_TASK GOAL_
Take the line that contains "this 2000×1003 image." as the first line and the final line of the records as the last; return exactly those lines and the lines between.

(Dataset entries)
»»

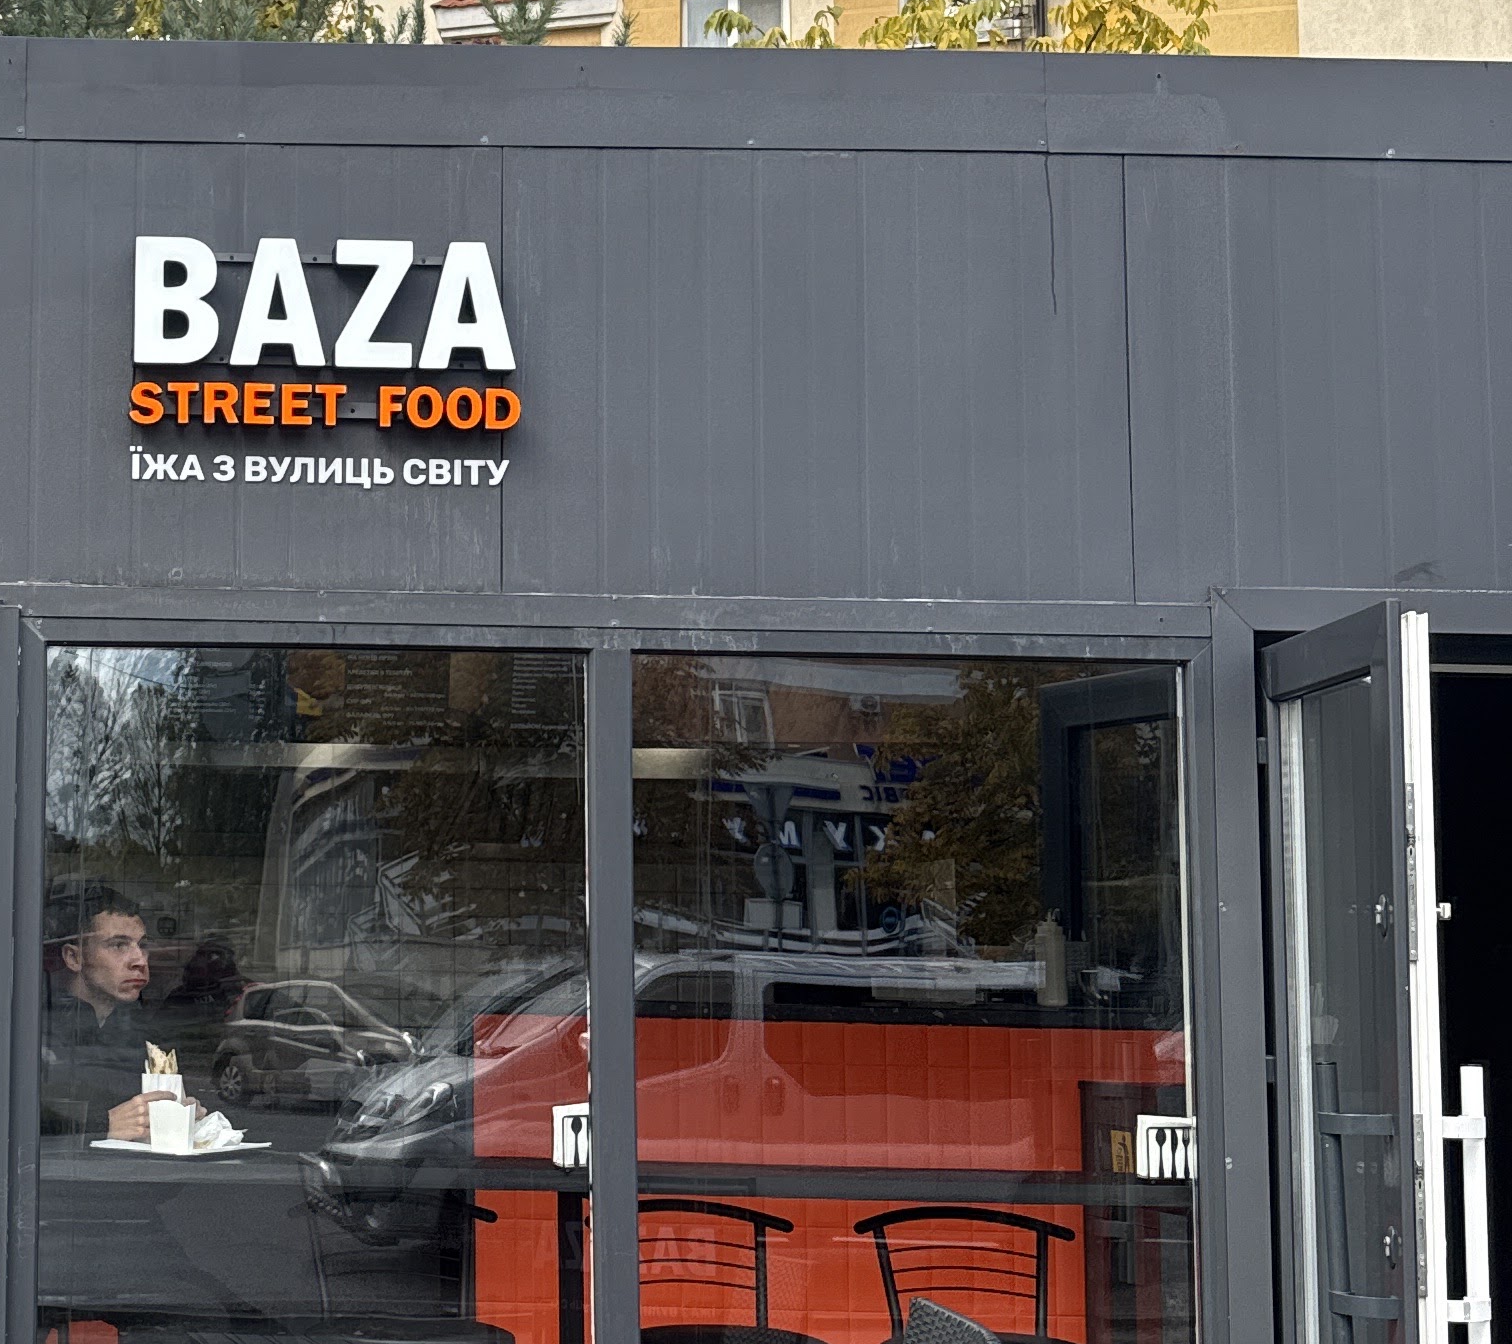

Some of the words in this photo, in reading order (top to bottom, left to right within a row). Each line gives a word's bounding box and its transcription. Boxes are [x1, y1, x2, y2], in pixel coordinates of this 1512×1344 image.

[133, 235, 517, 370] BAZA
[128, 381, 347, 427] STREET
[378, 385, 522, 430] FOOD
[128, 445, 206, 481] ЇЖА
[212, 454, 236, 482] З
[244, 456, 395, 489] ВУЛИЦЬ
[402, 458, 511, 486] СВІТУ
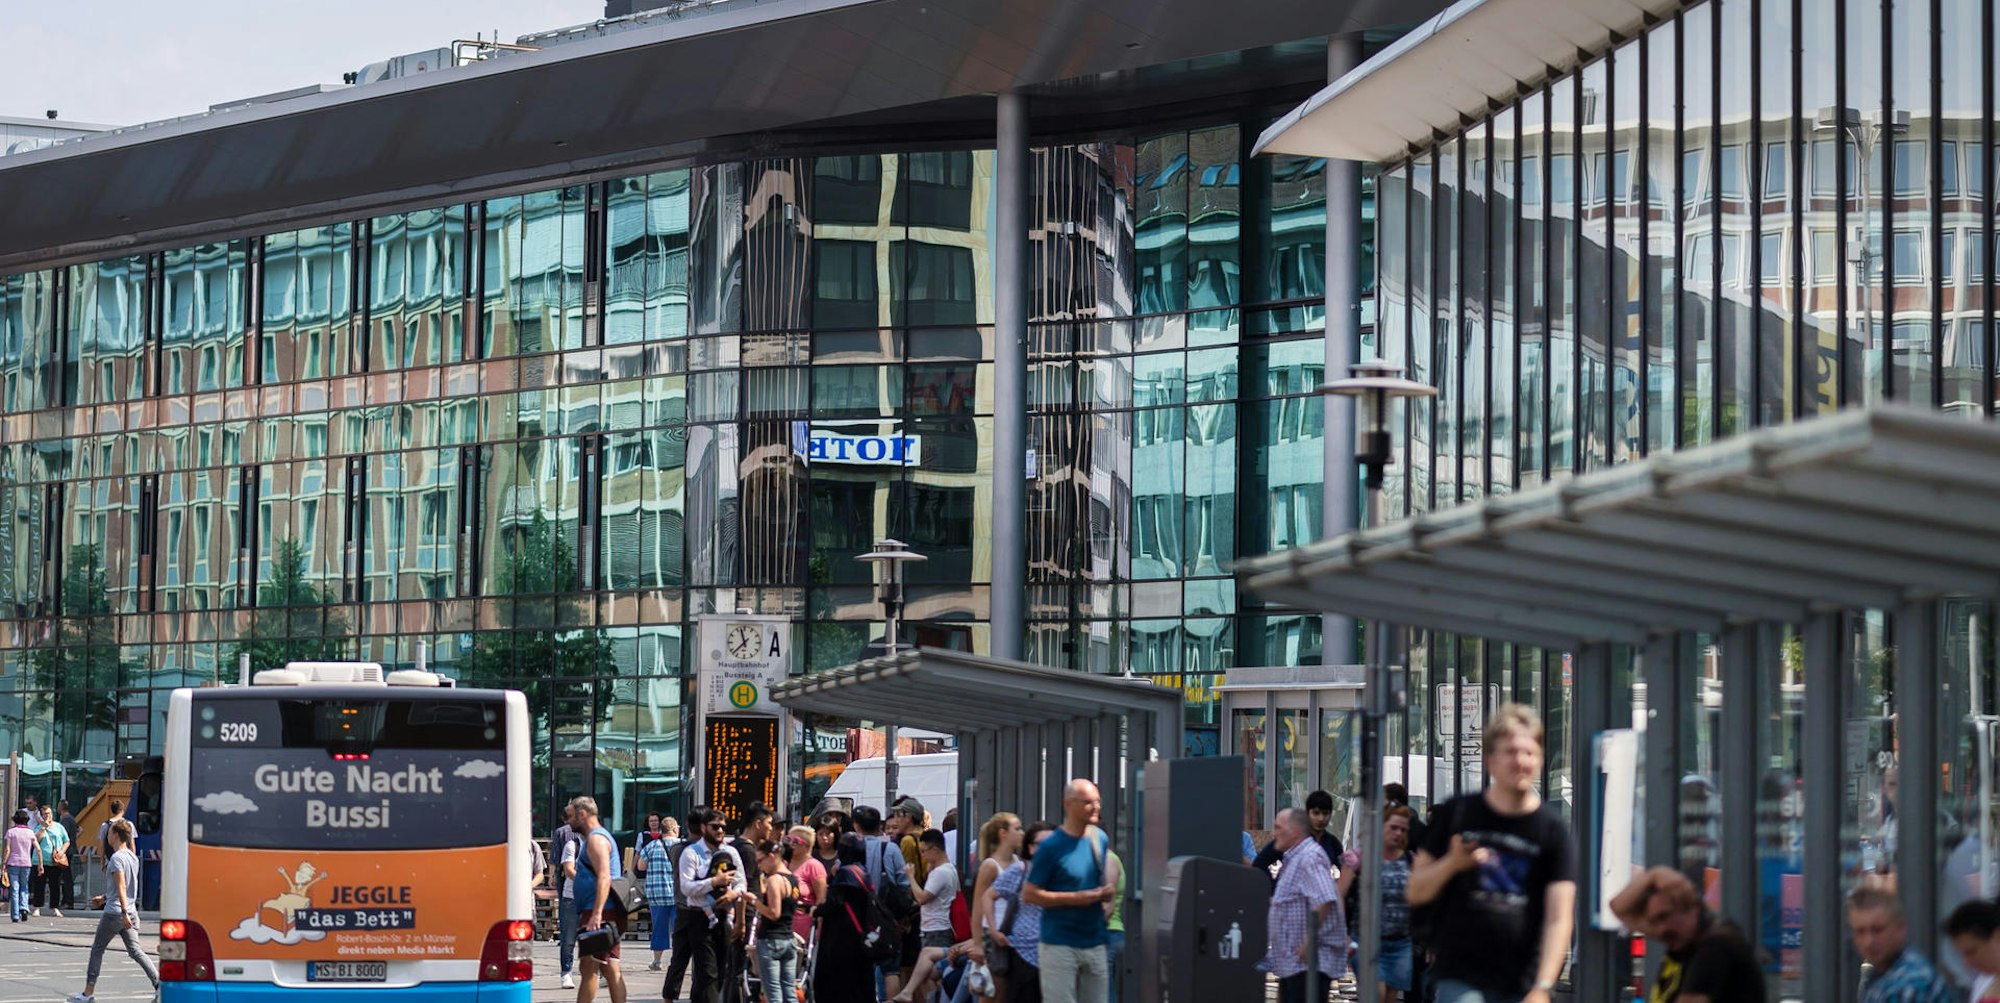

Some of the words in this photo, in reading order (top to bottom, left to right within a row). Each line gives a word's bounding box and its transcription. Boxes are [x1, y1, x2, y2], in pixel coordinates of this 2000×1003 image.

[769, 631, 780, 657] A
[718, 661, 770, 669] Hauptbahnhof
[724, 672, 755, 680] Bussteig
[220, 722, 258, 742] 5209
[254, 764, 335, 792] Gute
[346, 764, 443, 793] Nacht
[306, 799, 390, 828] Bussi
[330, 886, 412, 904] JEGGLE
[298, 911, 346, 927] "das
[354, 911, 413, 927] Bett"
[406, 934, 412, 942] 2
[414, 934, 421, 942] in
[423, 933, 456, 943] Münster
[337, 945, 365, 954] direkt
[367, 945, 395, 954] neben
[397, 945, 425, 954] Media
[427, 945, 455, 954] Markt
[316, 964, 331, 977] MS
[356, 964, 384, 977] 8000

««

_OUTPUT OF THE TASK_
Some of the words in this photo, in reading order (top to bottom, left to right within a row). Each line gives a word's bounding box and its transcription. Boxes are [x1, y1, x2, y2], in pixel coordinates of this 2000×1003 image.

[769, 631, 780, 657] A
[718, 661, 770, 669] Hauptbahnhof
[724, 672, 755, 680] Bussteig
[220, 722, 258, 742] 5209
[254, 764, 335, 792] Gute
[346, 764, 443, 793] Nacht
[306, 799, 390, 828] Bussi
[330, 886, 412, 904] JEGGLE
[298, 911, 346, 927] "das
[354, 911, 413, 927] Bett"
[406, 934, 412, 942] 2
[414, 934, 421, 942] in
[423, 933, 456, 943] Münster
[337, 945, 365, 954] direkt
[367, 945, 395, 954] neben
[397, 945, 425, 954] Media
[427, 945, 455, 954] Markt
[316, 964, 331, 977] MS
[356, 964, 384, 977] 8000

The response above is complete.